As exportações brasileiras de ovos in natura e processados somaram 2,59 mil toneladas em junho de 2026, crescimento de 19% em relação a maio. Apesar da recuperação mensal, o volume ficou 60% abaixo do registrado em junho de 2025, segundo dados da Secretaria de Comércio Exterior (Secex) analisados pelo Centro de Estudos Avançados em Economia Aplicada (Cepea).
Chile sustenta avanço dos embarques
O Chile permaneceu como principal destino dos ovos brasileiros pelo quinto mês consecutivo. O país importou 1,87 mil toneladas em junho, alta de 41% frente ao mês anterior, respondendo por mais de 70% do total embarcado pelo Brasil no período.
Segundo pesquisadores do Cepea, o aumento das compras chilenas ocorre após a confirmação, em abril, de um caso de influenza aviária em granja comercial no país. Desde então, o Chile ampliou a procura pelo produto brasileiro para atender sua demanda interna.

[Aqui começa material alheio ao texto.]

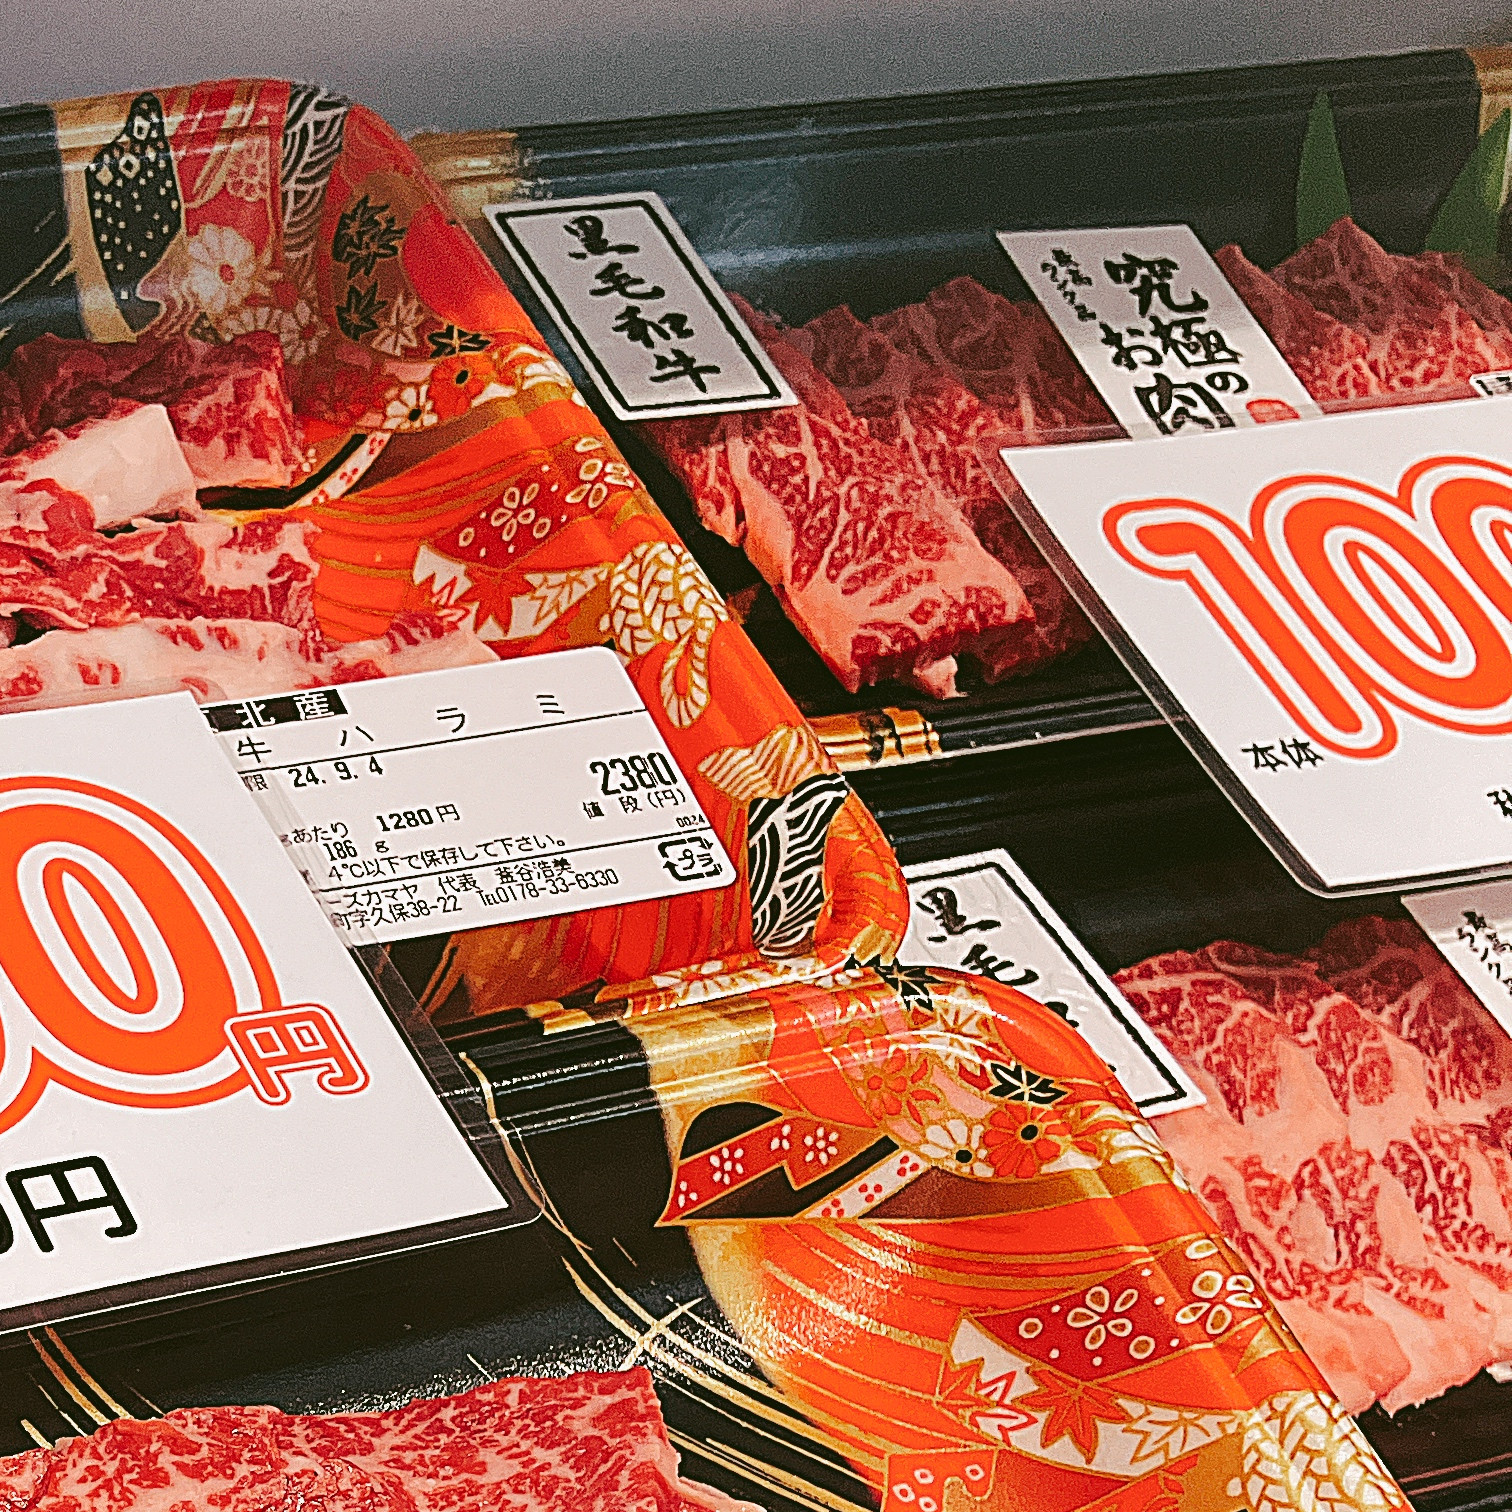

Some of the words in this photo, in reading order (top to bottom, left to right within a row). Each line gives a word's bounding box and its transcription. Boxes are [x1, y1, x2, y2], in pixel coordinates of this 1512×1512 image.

[563, 215, 721, 394] 黒毛和牛
[200, 691, 336, 733] 北産
[589, 752, 678, 795] 2380
[1241, 736, 1324, 772] 本体
[323, 840, 358, 861] 186
[438, 872, 480, 896] 代表
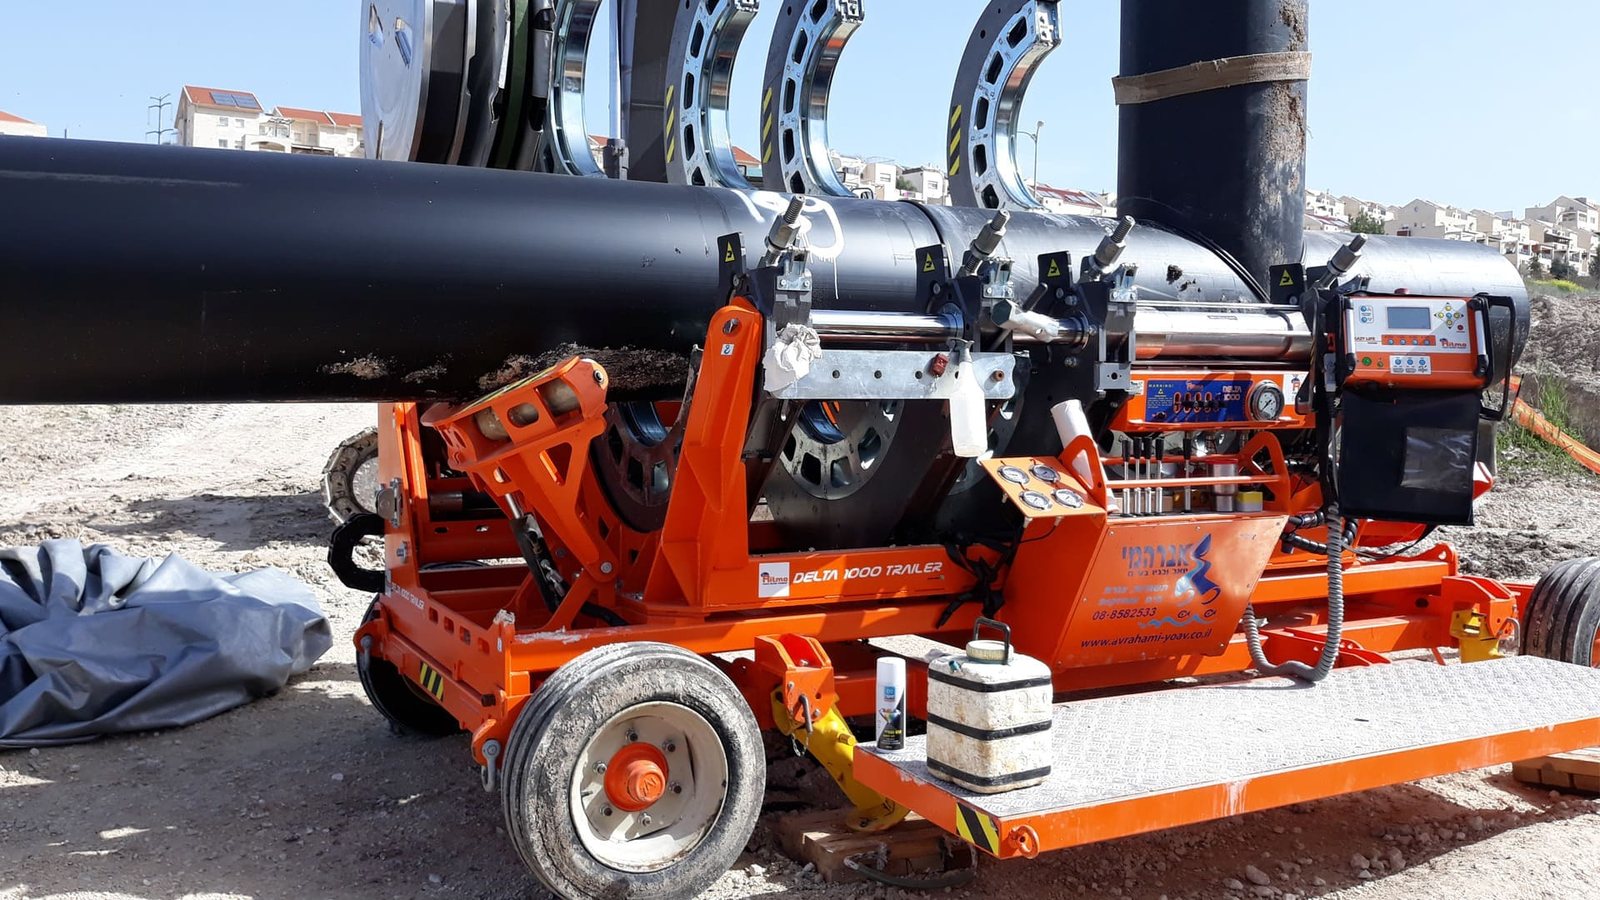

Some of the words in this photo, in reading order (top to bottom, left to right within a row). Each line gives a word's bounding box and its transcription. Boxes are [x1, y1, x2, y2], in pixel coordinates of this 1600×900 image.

[1222, 385, 1242, 393] DELTA
[1223, 393, 1240, 401] 1000
[761, 572, 788, 583] Ritmo
[793, 569, 838, 584] DELTA
[843, 566, 882, 580] 1000
[886, 562, 943, 576] TRAILER
[1080, 629, 1212, 648] www.avrahami-yoav.co.il

Embora os embarques tenham reagido na passagem de maio para junho, a forte diferença em relação ao mesmo mês do ano passado mostra que o setor ainda opera abaixo do ritmo observado em 2025.

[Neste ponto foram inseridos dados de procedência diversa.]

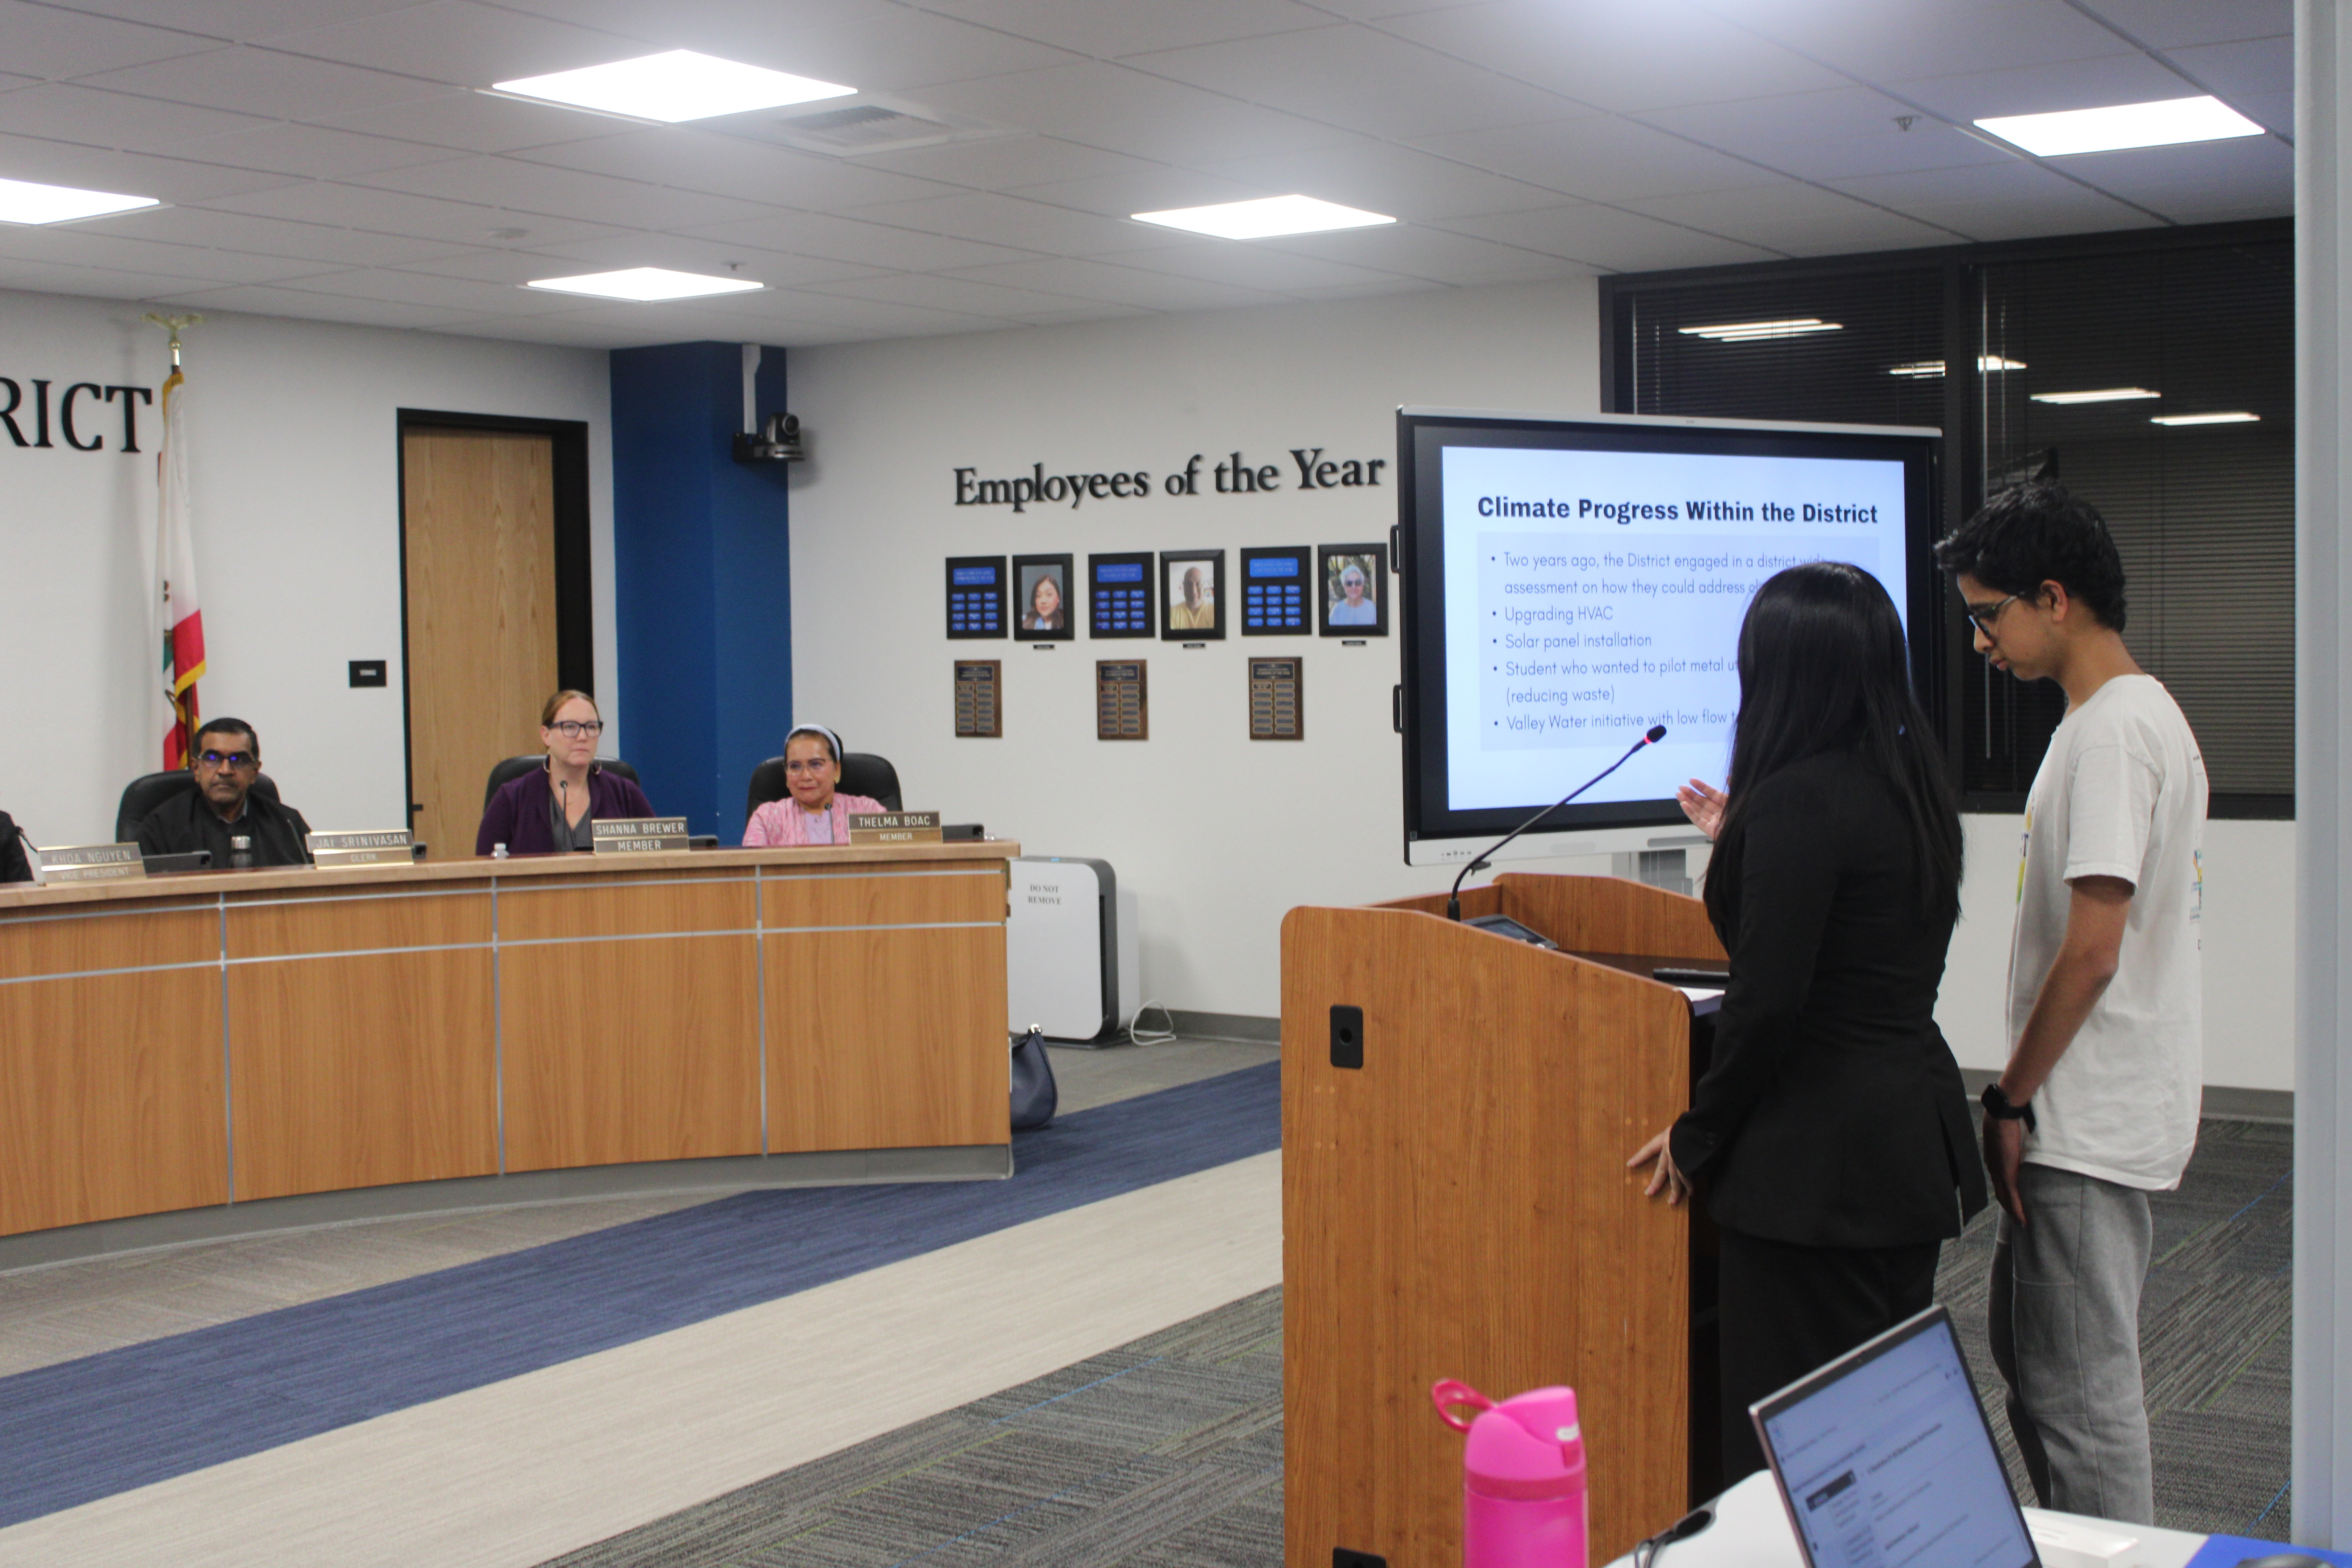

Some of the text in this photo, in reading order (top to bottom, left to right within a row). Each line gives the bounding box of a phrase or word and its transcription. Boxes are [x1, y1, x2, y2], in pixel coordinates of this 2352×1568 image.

[953, 448, 1386, 512] Employees of the Year
[1478, 496, 1878, 524] Climate Progress Within the District
[1504, 552, 1528, 567] Two
[1534, 556, 1567, 571] years
[1571, 555, 1600, 571] ago,
[1603, 552, 1624, 567] the
[1628, 553, 1671, 567] District
[1675, 553, 1728, 572] engaged
[1732, 555, 1742, 567] in
[1746, 558, 1753, 568] a
[1757, 553, 1796, 568] district
[1505, 581, 1578, 594] assessment
[1583, 583, 1598, 594] on
[1602, 578, 1628, 594] how
[1632, 578, 1658, 598] they
[1662, 579, 1694, 593] could
[1699, 578, 1745, 593] address
[1505, 605, 1613, 626] Upgrading HVAC
[1506, 631, 1652, 652] Solar panel installation
[1506, 660, 1557, 676] Student
[1562, 659, 1588, 675] who
[1592, 658, 1639, 674] wanted
[1643, 660, 1655, 673] to
[1660, 657, 1686, 677] pilot
[1691, 656, 1724, 672] metal
[1506, 684, 1614, 707] (reducing waste)
[1506, 714, 1545, 734] Valley
[1549, 714, 1587, 729] Water
[1591, 712, 1644, 728] initiative
[1648, 710, 1673, 726] with
[1677, 709, 1698, 724] low
[1702, 708, 1727, 724] flow
[596, 822, 684, 835] SHANNA BREWER
[858, 816, 930, 828] THELMA BOAC
[317, 834, 407, 848] JAI SRINIVASAN
[618, 840, 661, 851] MEMBER
[880, 832, 913, 842] MEMBER
[51, 850, 131, 865] KHOA NGUYEN
[350, 853, 378, 862] CLERK
[82, 866, 129, 878] PRESIDENT
[1028, 896, 1062, 905] REMOVE

Mercado interno registra quedas
No mercado doméstico, os preços médios dos ovos brancos e vermelhos recuaram em todas as regiões acompanhadas pelo Cepea em 10 de julho.

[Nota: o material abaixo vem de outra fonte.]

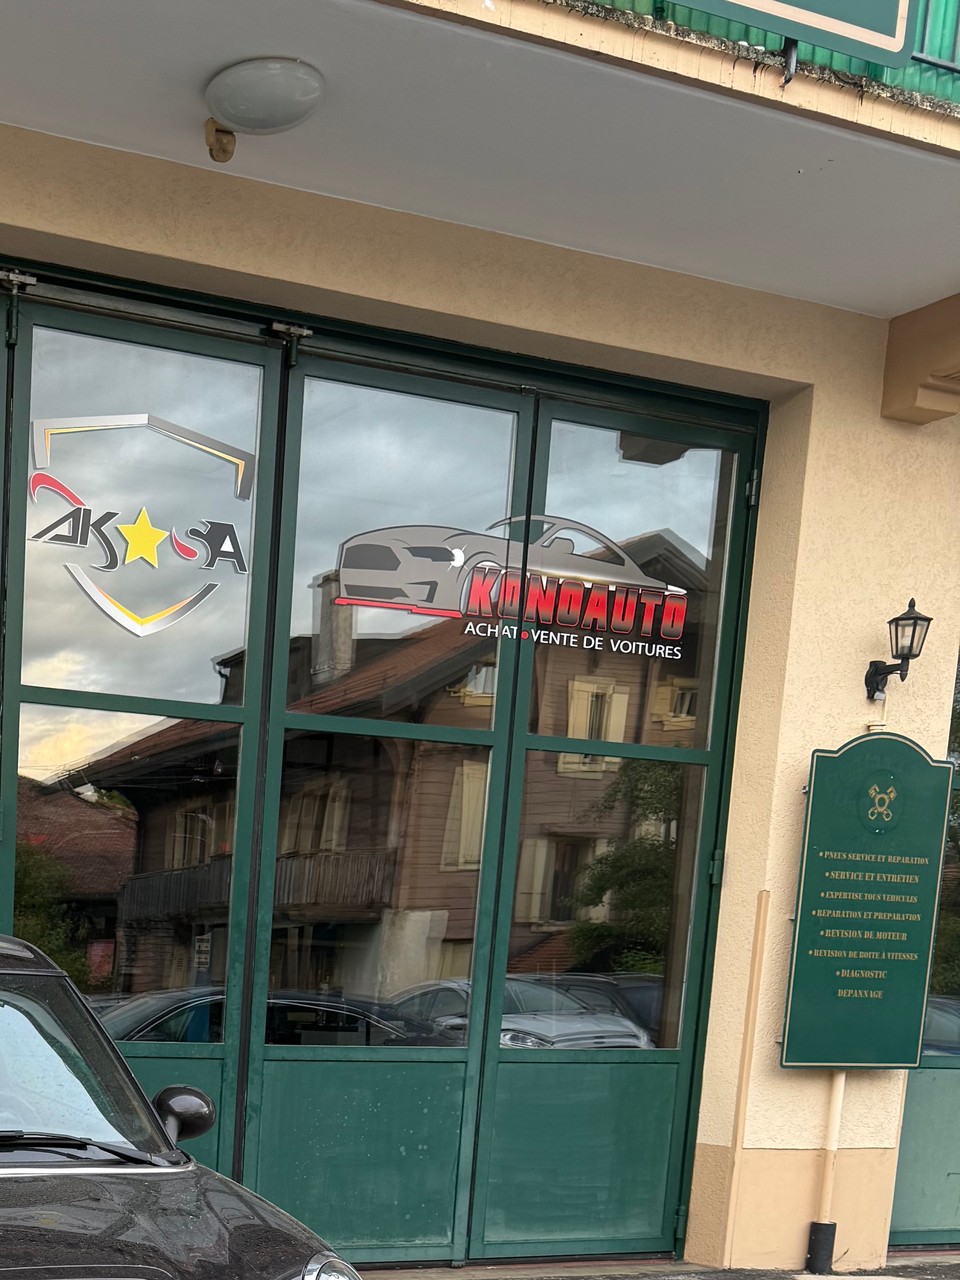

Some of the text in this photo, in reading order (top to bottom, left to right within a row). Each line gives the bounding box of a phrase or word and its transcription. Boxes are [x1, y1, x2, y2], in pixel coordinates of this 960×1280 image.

[466, 567, 687, 640] KONOAUTO
[464, 622, 681, 659] ACHAT VENTE DE VOITURES
[847, 853, 876, 862] SERVICE
[830, 871, 919, 883] SERVICE ET ENTRETIEN
[825, 891, 862, 900] EXPERTISE
[864, 893, 881, 901] TOUS
[863, 911, 873, 919] ET
[864, 931, 874, 939] DE
[876, 931, 907, 940] MOTEUR
[848, 950, 858, 959] DE
[887, 952, 918, 960] VITESSES
[841, 969, 887, 979] DIAGNOSTIC

Na Grande São Paulo, o ovo branco foi negociado a R$ 135,26, com queda diária de 3,42%, enquanto o vermelho ficou em R$ 145,63, recuo de 6,01%. Em Bastos (SP), os valores chegaram a R$ 128,34 para o branco e R$ 140,59 para o vermelho.
Recife apresentou os maiores preços entre as praças analisadas, com R$ 140,92 para o ovo branco e R$ 152,90 para o vermelho. As variações negativas indicam pressão sobre as cotações na primeira quinzena do mês.
O comportamento das próximas semanas dependerá da demanda doméstica, da disponibilidade do produto e da continuidade das compras chilenas.